Georgia23Georgia23 Member Posts: 6 Listener
Hi, , I need some advice. I don't know who to ask. I ve tried explaining it to my dad but he doesn't seem to grasp and understand it. Ever since I was a child I have mild learning difficulty. It really effects my understanding when reading and listening everyday. I had learning support throughout my education.  I'm no longer in education and working but I'm planning on going to university to follow my passion. I want to go into acting but my learning difficulty is holding me back as with acting you read a lot of monologues and scripts and have to understand them but this is what I find difficult. I want to improve my understanding but I don't know how and so I was wondering if someone can help me! 

Replies

  • janer1967janer1967 Community champion Posts: 5,144 Disability Gamechanger
    Hi and welcome to the community great to have you on board.

    I don't really have any experience with learning difficulties but I am sure there will be other members who can advise.

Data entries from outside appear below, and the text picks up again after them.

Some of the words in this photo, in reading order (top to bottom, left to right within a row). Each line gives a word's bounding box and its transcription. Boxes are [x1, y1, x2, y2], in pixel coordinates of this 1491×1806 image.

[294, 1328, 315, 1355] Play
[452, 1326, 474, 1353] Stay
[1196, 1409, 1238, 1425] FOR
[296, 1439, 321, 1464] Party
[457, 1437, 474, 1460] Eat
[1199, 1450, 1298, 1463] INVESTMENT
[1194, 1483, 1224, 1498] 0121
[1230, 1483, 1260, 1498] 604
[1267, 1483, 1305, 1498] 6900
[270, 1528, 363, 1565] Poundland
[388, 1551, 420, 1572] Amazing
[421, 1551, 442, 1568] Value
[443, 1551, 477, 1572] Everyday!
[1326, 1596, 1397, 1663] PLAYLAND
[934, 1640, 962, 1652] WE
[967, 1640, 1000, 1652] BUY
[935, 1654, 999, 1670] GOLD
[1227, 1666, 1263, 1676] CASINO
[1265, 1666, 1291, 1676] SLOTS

    Have you spoken to your \GP about this as they may be able to out you in touch with suitable services or maybe social servces
  • Georgia23Georgia23 Member Posts: 6 Listener
    Hi, No I haven't spoken to my GP/ doctor as I don't really want to ask them at this time with this virus but also I'm 23 so i don't think social services would be able to help me but thank you anyway. 
  • janer1967janer1967 Community champion Posts: 5,144 Disability Gamechanger
    There is adult social services and you could just speak to your Gp over the phone or even the receptionist to ask any advice or maybe a library have details 
  • dolfrogdolfrog Member Posts: 427 Pioneering
    Georgia23 said:
    Hi, , I need some advice. I don't know who to ask. I ve tried explaining it to my dad but he doesn't seem to grasp and understand it. Ever since I was a child I have mild learning difficulty. It really effects my understanding when reading and listening everyday. I had learning support throughout my education.  I'm no longer in education and working but I'm planning on going to university to follow my passion. I want to go into acting but my learning difficulty is holding me back as with acting you read a lot of monologues and scripts and have to understand them but this is what I find difficult. I want to improve my understanding but I don't know how and so I was wondering if someone can help me! 
    You may have "Auditory Process Disorder" which is a listening disability, the brain having problems processing what the ears hear. There are 4 types of Auditory Processing Disorder Temporal, Speech in Noise, Amblyaudia, and Spatial 
    1) The Temporal type of Auditory processing Disorder (APD) is about having problems processing the gaps between the sounds that the ears hear, which can include the gaps between words in rapid speech. It is also the main underlying cognitive cause of the developmental dyslexia symptom.
    2) Speech in Noise is about having problems processing a target sound when there are low levels of background noise.
    3) Amblyaudia is about the brain processing better what one ear hears better then how it processes what the other ear hears.
    4) Spatial Auditory Processing Disorder is about the brain not being able to identify the location of a sound source. 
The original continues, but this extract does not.